Spesifikasi
Taq DNA Polimerase 1000 U dengan buffer campuran (Pengiriman dengan kantong es)
Penyimpanan Kondisi:
Taq DNA Polimerase dan Taq PCR Kit harus disimpan di -30 hingga -15°C dalam freezer bersuhu konstan setelah diterima.
Tes:
Catatan Sebelum Memulai:
- Dilengkapi dengan Load PCR Buffer yang mengandung reagen pemuatan gel dan pewarna pelacak gel.

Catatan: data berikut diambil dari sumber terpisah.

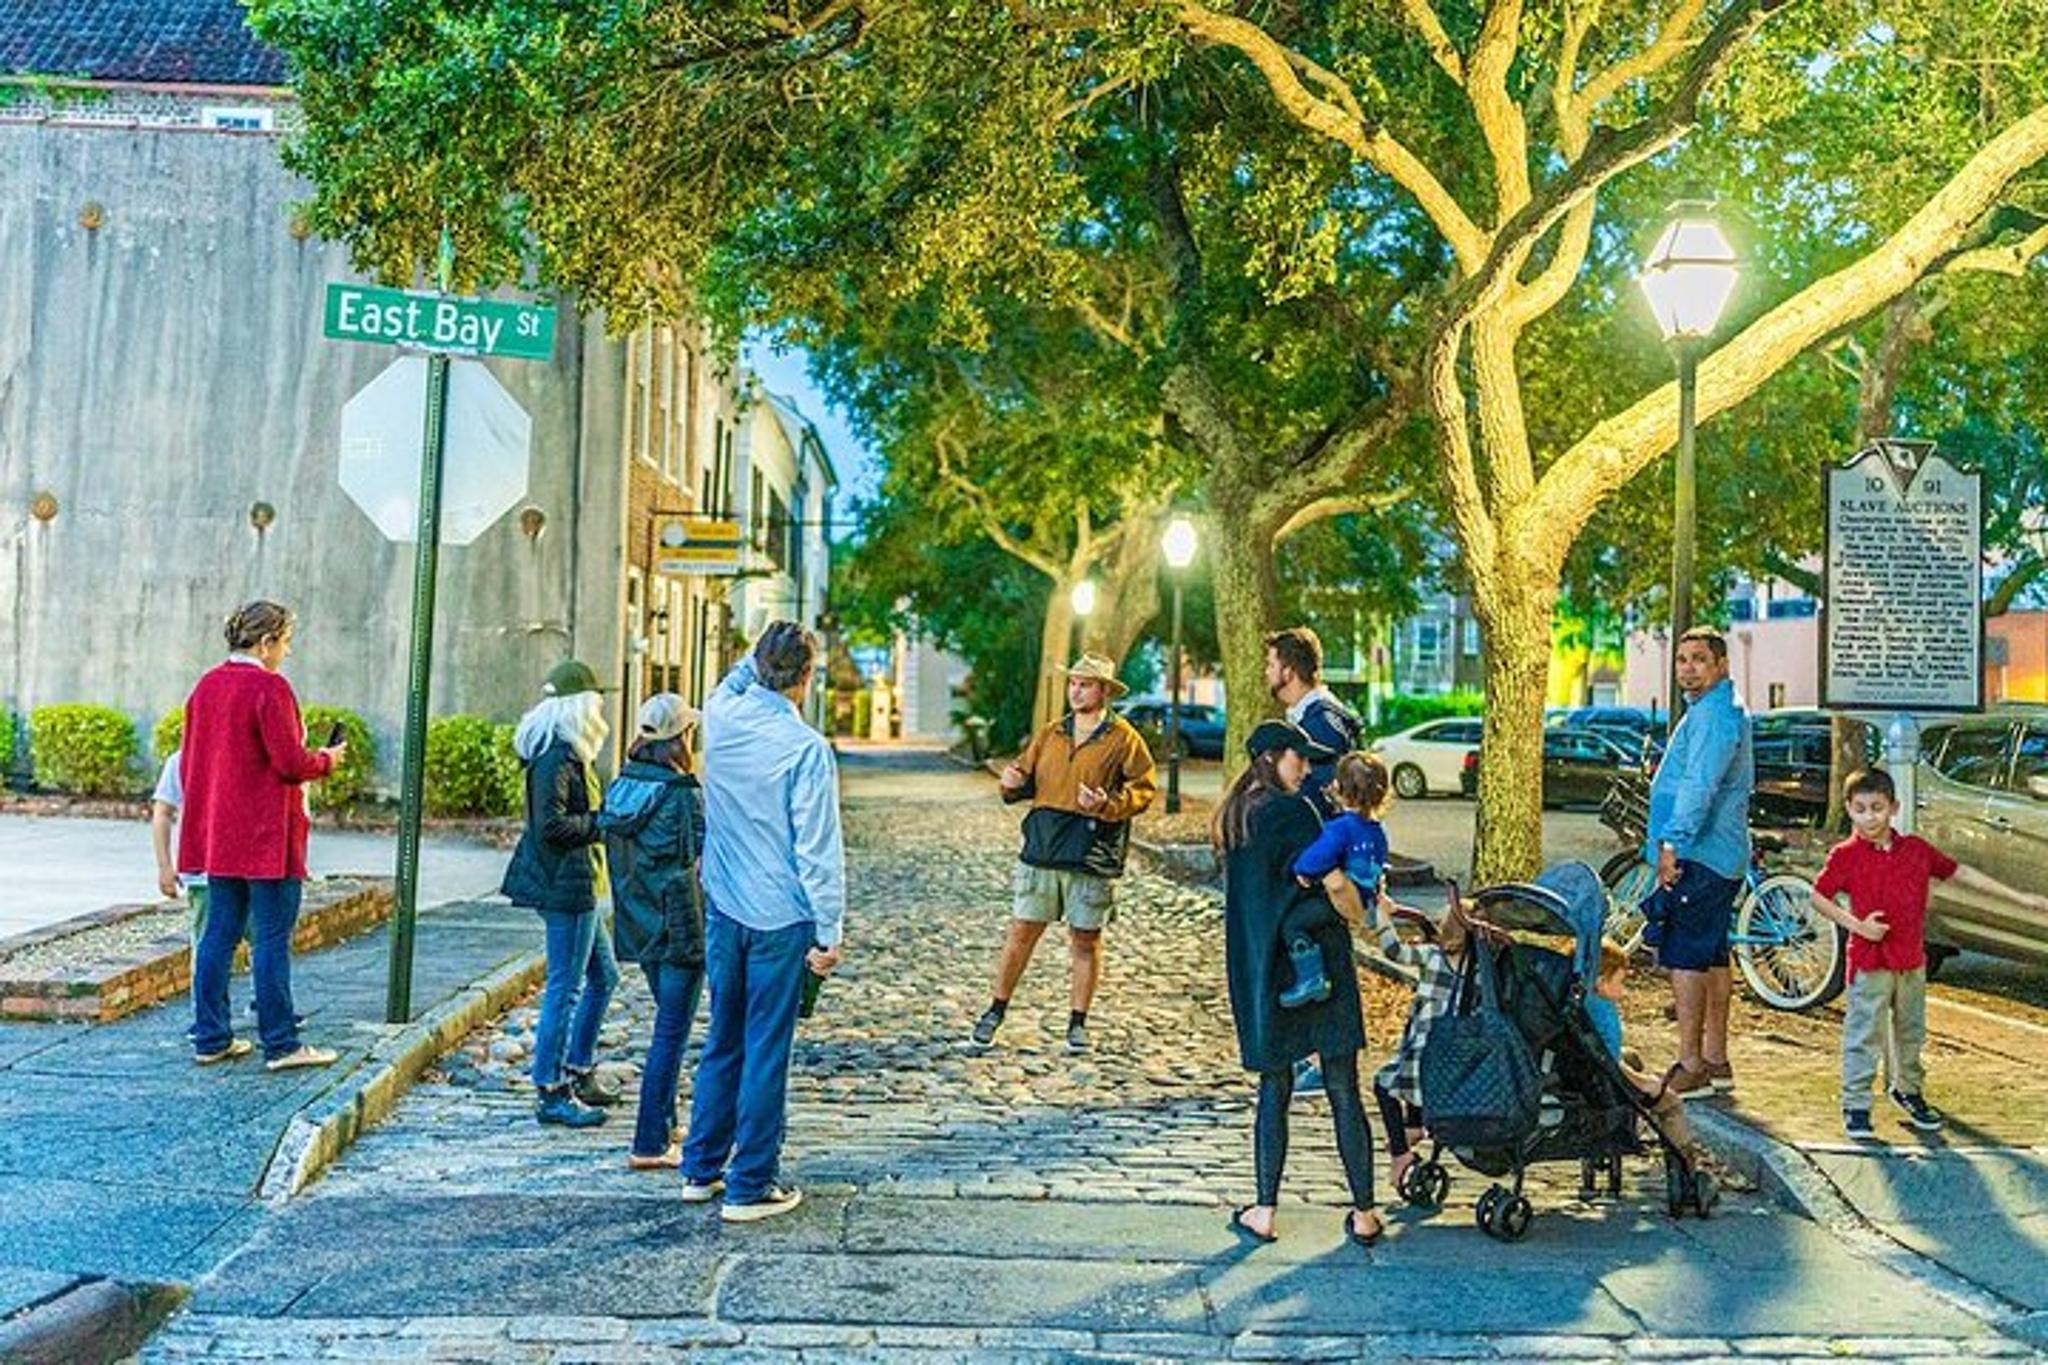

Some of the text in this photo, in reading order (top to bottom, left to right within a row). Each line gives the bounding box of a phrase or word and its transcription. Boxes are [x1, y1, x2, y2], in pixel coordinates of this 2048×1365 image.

[339, 291, 540, 353] East Bay St
[1866, 477, 1941, 494] 10 91
[1840, 500, 1968, 515] SLAVE AUCTIONS

- Buffer PCR dan Buffer PCR Beban menghasilkan konsentrasi akhir 1.5 mM MgCl2 dalam campuran reaksi. Sesuaikan konsentrasi Mg2+ jika perlu dengan menambahkan 25 mM MgCl2.
- Campuran dNTP tingkat PCR berkualitas tinggi (10 mm) tersedia secara terpisah jika diperlukan.
- Simpan tabung PCR di atas es sampai dimasukkan ke dalam thermal cycler.
- Sertakan Kontrol Tanpa Templat (NTC) dalam setiap pengujian.
Persiapan dan Pencampuran:
- Lelehkan buffer dan reagen pada suhu kamar atau di atas es, lalu simpan di dalam es setelah pencairan sempurna.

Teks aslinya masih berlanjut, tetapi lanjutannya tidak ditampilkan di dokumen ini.